If there is a finite number of players and the action sets and the set of states are finite, then a stochastic game with a finite number of stages always has a Nash equilibrium. The same is true for a game with infinitely many stages if the total payoff is the discounted sum.

The non-zero-sum stochastic game $\Gamma _{\infty }$ has a uniform equilibrium payoff $v_{\infty }$ if for every $\varepsilon >0$ there is a positive integer $N$ and a strategy profile $\sigma$ such that for every unilateral deviation by a player $i$ , i.e., a strategy profile $\tau$ with $\sigma ^{j}=\tau ^{j}$ for all $j\neq i$ , and every $n\geq N$ the expectation of ${\bar {g}}_{n}^{i}$ with respect to the probability on plays defined by $\sigma$ is at least $v_{\infty }^{i}-\varepsilon$ , and the expectation of ${\bar {g}}_{n}^{i}$ with respect to the probability on plays defined by $\tau$ is at most $v_{\infty }^{i}+\varepsilon$ . Nicolas Vieille has shown that all two-person stochastic games with finite state and action spaces have a uniform equilibrium payoff.^[4]
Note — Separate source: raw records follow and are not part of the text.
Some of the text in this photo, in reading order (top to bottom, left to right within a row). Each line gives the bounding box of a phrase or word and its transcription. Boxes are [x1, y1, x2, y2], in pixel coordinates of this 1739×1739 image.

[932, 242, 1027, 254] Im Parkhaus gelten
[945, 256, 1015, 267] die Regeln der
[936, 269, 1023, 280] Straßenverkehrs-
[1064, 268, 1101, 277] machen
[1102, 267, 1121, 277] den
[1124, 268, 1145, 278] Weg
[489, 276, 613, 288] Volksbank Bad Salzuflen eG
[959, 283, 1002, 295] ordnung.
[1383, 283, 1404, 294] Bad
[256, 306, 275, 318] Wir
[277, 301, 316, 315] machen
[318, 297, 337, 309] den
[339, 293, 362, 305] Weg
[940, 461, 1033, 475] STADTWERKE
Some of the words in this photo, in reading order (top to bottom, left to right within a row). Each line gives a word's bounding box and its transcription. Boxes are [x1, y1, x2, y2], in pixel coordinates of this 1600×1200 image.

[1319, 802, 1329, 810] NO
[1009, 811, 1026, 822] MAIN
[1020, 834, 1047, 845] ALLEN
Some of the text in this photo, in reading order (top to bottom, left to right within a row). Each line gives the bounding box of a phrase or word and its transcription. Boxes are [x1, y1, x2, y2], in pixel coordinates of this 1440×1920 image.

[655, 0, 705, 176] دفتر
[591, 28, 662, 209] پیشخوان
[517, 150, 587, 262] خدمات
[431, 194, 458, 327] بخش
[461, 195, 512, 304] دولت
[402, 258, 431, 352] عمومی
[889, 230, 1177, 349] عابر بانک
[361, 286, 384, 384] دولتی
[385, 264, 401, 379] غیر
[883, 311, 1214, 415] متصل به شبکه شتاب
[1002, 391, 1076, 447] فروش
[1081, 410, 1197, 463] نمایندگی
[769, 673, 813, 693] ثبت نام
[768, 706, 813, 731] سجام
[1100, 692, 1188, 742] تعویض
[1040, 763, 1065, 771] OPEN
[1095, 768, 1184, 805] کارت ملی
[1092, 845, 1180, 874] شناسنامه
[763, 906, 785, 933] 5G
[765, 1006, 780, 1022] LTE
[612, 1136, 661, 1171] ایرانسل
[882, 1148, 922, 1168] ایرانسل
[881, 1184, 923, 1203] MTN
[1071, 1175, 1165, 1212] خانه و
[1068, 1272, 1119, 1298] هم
The non-zero-sum stochastic game $\Gamma _{\infty }$ has a limiting-average equilibrium payoff $v_{\infty }$ if for every $\varepsilon >0$ there is a strategy profile $\sigma$ such that for every unilateral deviation by a player $i$ , the expectation of the limit inferior of the averages of the stage payoffs with respect to the probability on plays defined by $\sigma$ is at least $v_{\infty }^{i}-\varepsilon$ , and the expectation of the limit superior of the averages of the stage payoffs with respect to the probability on plays defined by $\tau$ is at most $v_{\infty }^{i}+\varepsilon$ . Jean-François Mertens and Abraham Neyman (1981) proves that every two-person zero-sum stochastic game with finitely many states and actions has a limiting-average value,^[3] and Nicolas Vieille has shown that all two-person stochastic games with finite state and action spaces have a limiting-average equilibrium payoff.^[4] In particular, these results imply that these games have a value and an approximate equilibrium payoff, called the liminf-average (respectively, the limsup-average) equilibrium payoff, when the total payoff is the limit inferior (or the limit superior) of the averages of the stage payoffs.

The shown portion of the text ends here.